My cat Ziggy, sleeping on my office computer. This could soon be his new veterinarian’s “waiting room” if a California lawsuit in favor of telehealth appointments is successful. Less stress, less cost, more healthcare, more lives saved.

A federal lawsuit filed in California contends that state laws and regulations prohibiting veterinarian telehealth appointments — using zoom and other video conferencing technologies for care instead of in-person appointments — violates the First Amendment.

The current pandemic waiver which allows families with sick pets to conduct zoom appointments with their veterinarians is set to expire in June. The California Veterinarian Board will then require once again in-person exams.

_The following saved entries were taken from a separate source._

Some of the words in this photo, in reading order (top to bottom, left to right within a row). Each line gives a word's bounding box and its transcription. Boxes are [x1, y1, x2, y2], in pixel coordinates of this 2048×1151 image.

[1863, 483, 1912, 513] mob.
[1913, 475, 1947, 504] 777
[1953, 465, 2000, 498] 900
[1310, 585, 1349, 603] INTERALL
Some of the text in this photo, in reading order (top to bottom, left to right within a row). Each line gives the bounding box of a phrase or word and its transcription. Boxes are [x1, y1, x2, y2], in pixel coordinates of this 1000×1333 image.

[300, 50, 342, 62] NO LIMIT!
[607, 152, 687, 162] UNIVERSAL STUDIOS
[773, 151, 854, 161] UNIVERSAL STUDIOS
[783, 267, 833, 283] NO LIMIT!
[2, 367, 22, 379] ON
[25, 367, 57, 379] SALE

If the lawsuit is successful, millions of animals, including those in pounds, will benefit by:

  • Expanding access to care across the state, country, and globe;
  • Expanding access to care for pets living with people of limited financial means by reducing costs for such care;
  • Allowing shelters to reduce the number of animals who are surrendered because of medical concerns by helping people resolve those concerns in a cost-effective way; and,
  • Improving the care of animals already in the shelter by expanding access for small to medium shelters who do not have onsite veterinarians.

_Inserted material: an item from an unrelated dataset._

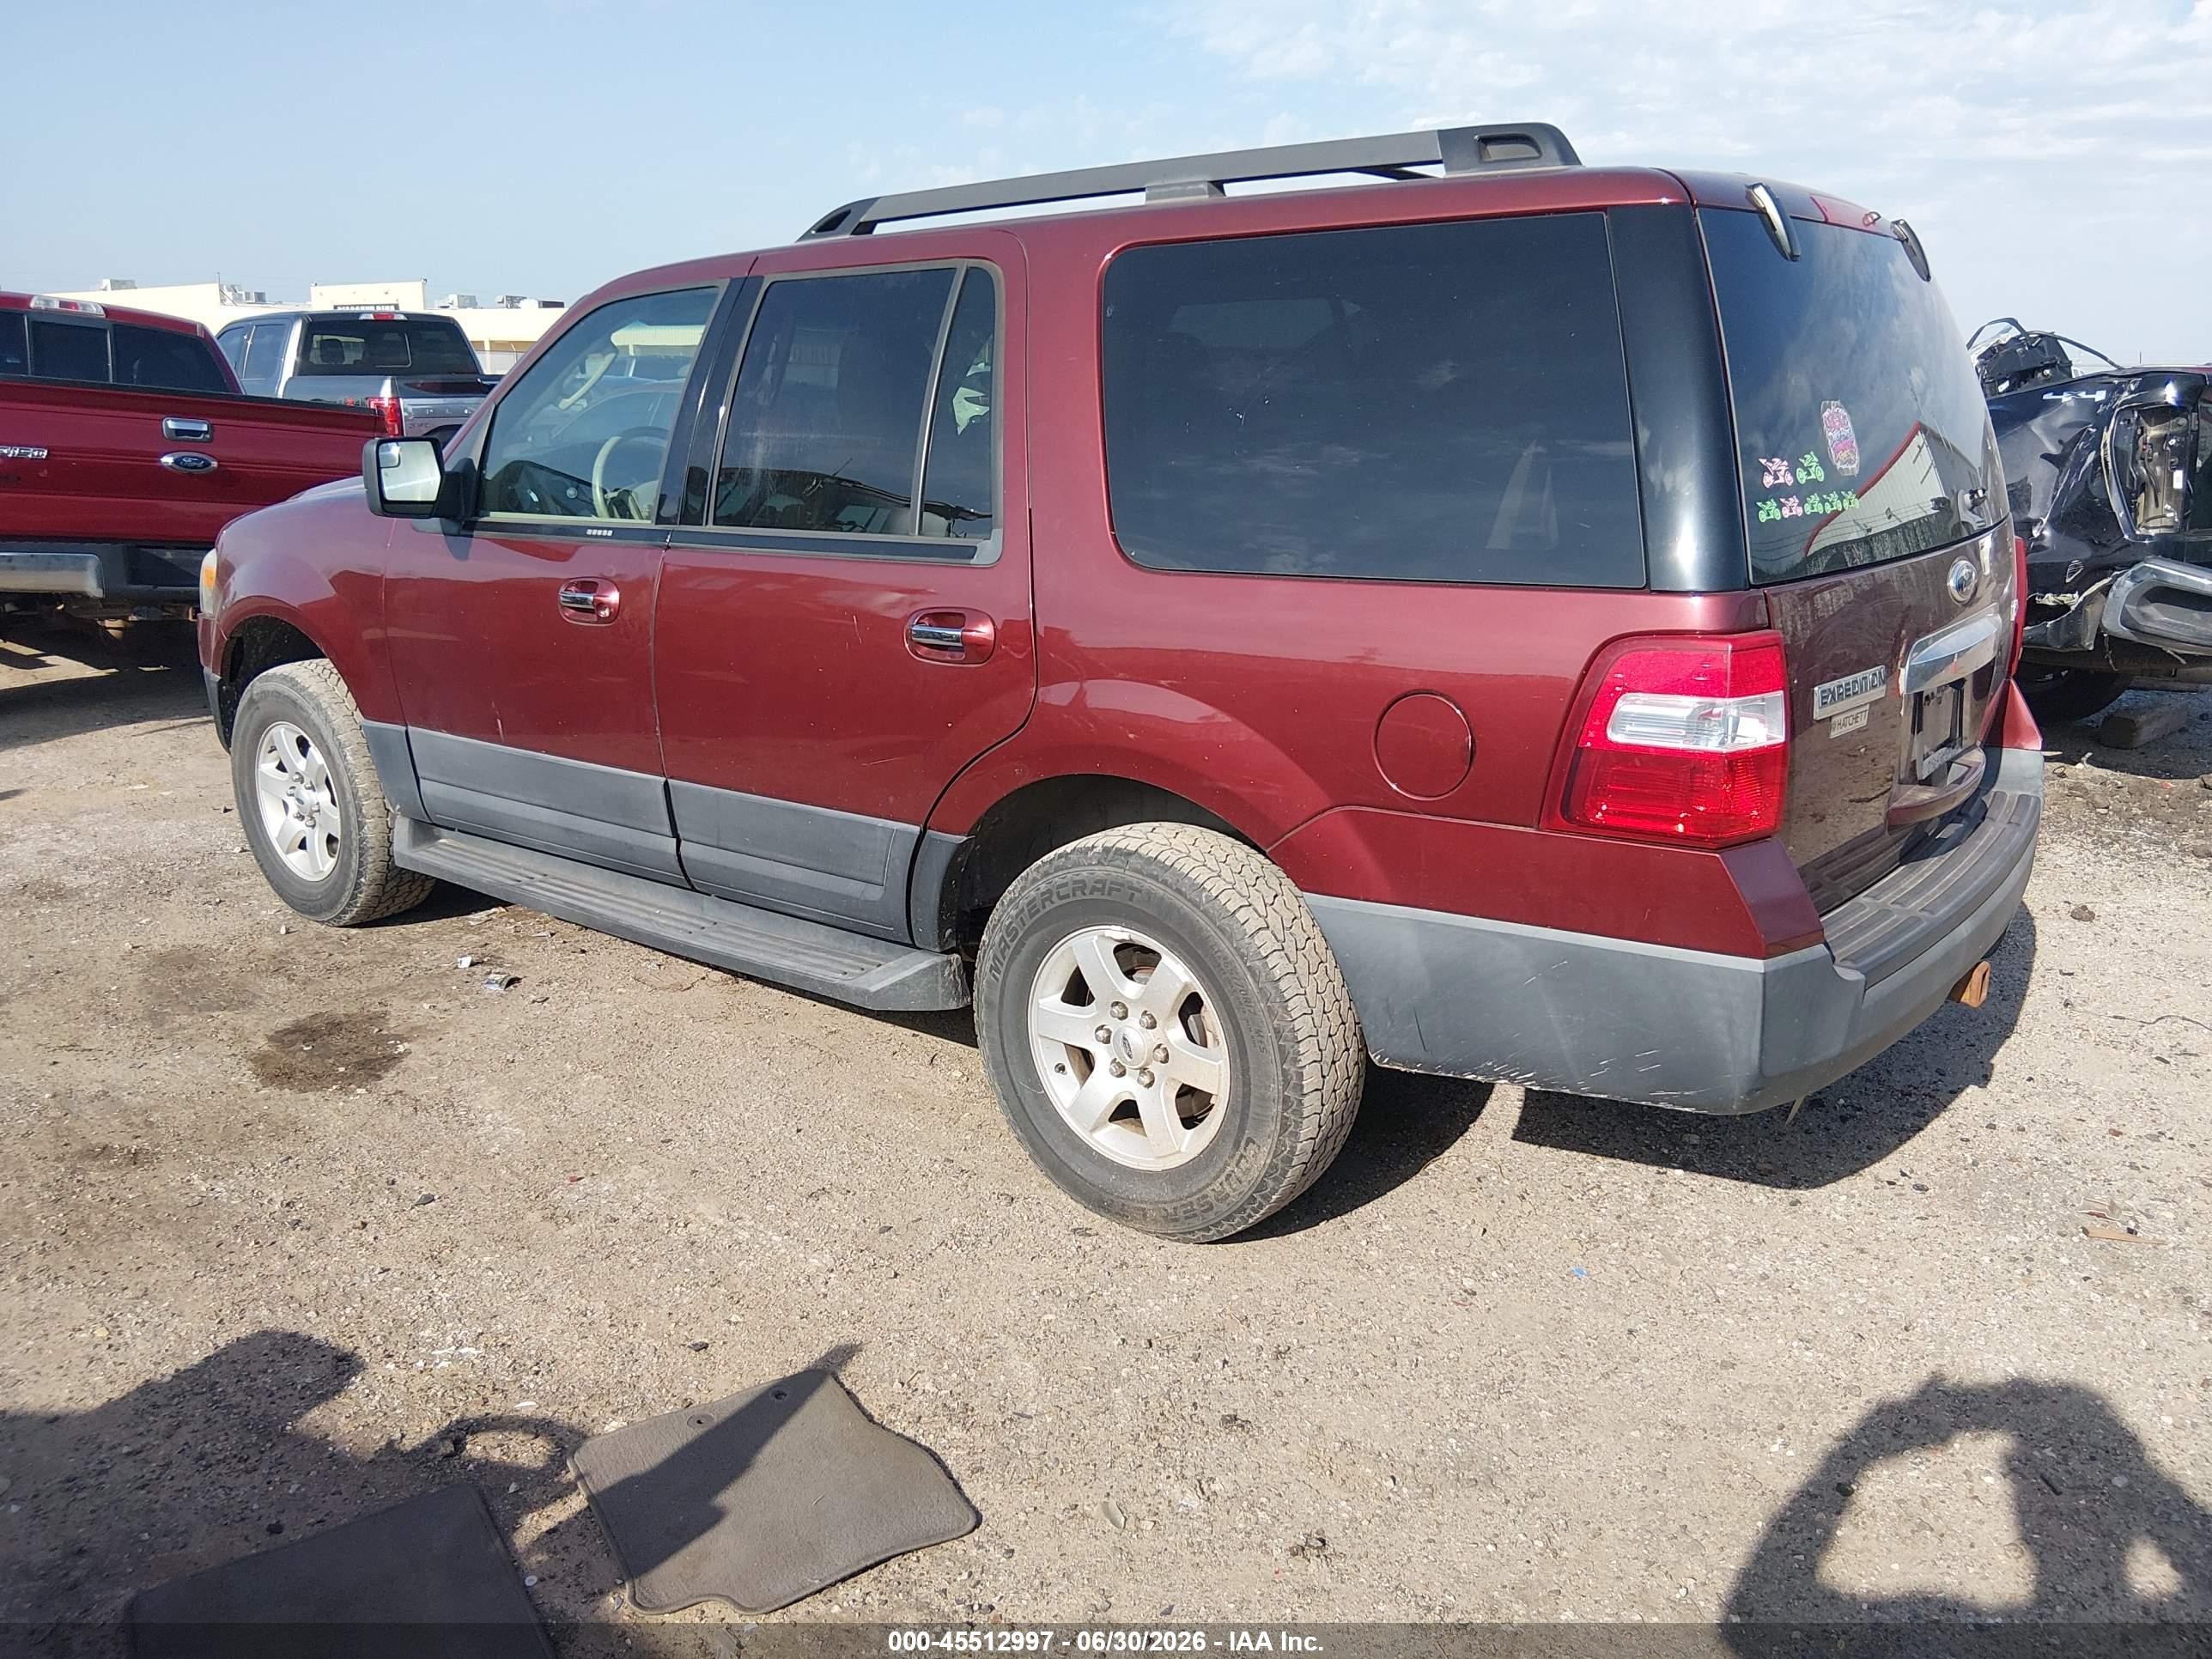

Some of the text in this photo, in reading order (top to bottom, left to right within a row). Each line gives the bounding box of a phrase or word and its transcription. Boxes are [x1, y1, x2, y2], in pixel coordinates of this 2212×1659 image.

[1818, 667, 1886, 709] EXPEDITION
[1837, 709, 1869, 730] HATCHETT
[988, 878, 1143, 983] MASTERCRAFT

“The lawsuit contends pet owners and veterinarians have a 1st Amendment free speech right to telemedicine. Restrictions on veterinarians also violate equal protection guarantees because doctors who treat people can do so remotely, the suit argues.” According to plaintiffs, “People can use telemedicine for themselves and their children, so why not for their pets?”

The Dean of UC Berkeley Law School, a constitutional scholar, said the restriction on telehealth appointments for pets is “obviously is a restriction on speech.” He believes the lawsuit will be successful because the state veterinarian board has “arbitrarily deprived veterinarians of the opportunity to speak with clients using modern telemedicine communication methods, like Zoom, that are available to doctors who care for human beings, and which have become increasingly valuable and essential tools to the delivery of safe and comprehensive healthcare.”

It is not the first lawsuit of its kind and hopefully it won’t be the last. In December, a Federal Appeals Court ruled that a similar Texas law prohibiting veterinarians from giving online advice without a physical examination of the animal violates a veterinarian’s First Amendment rights.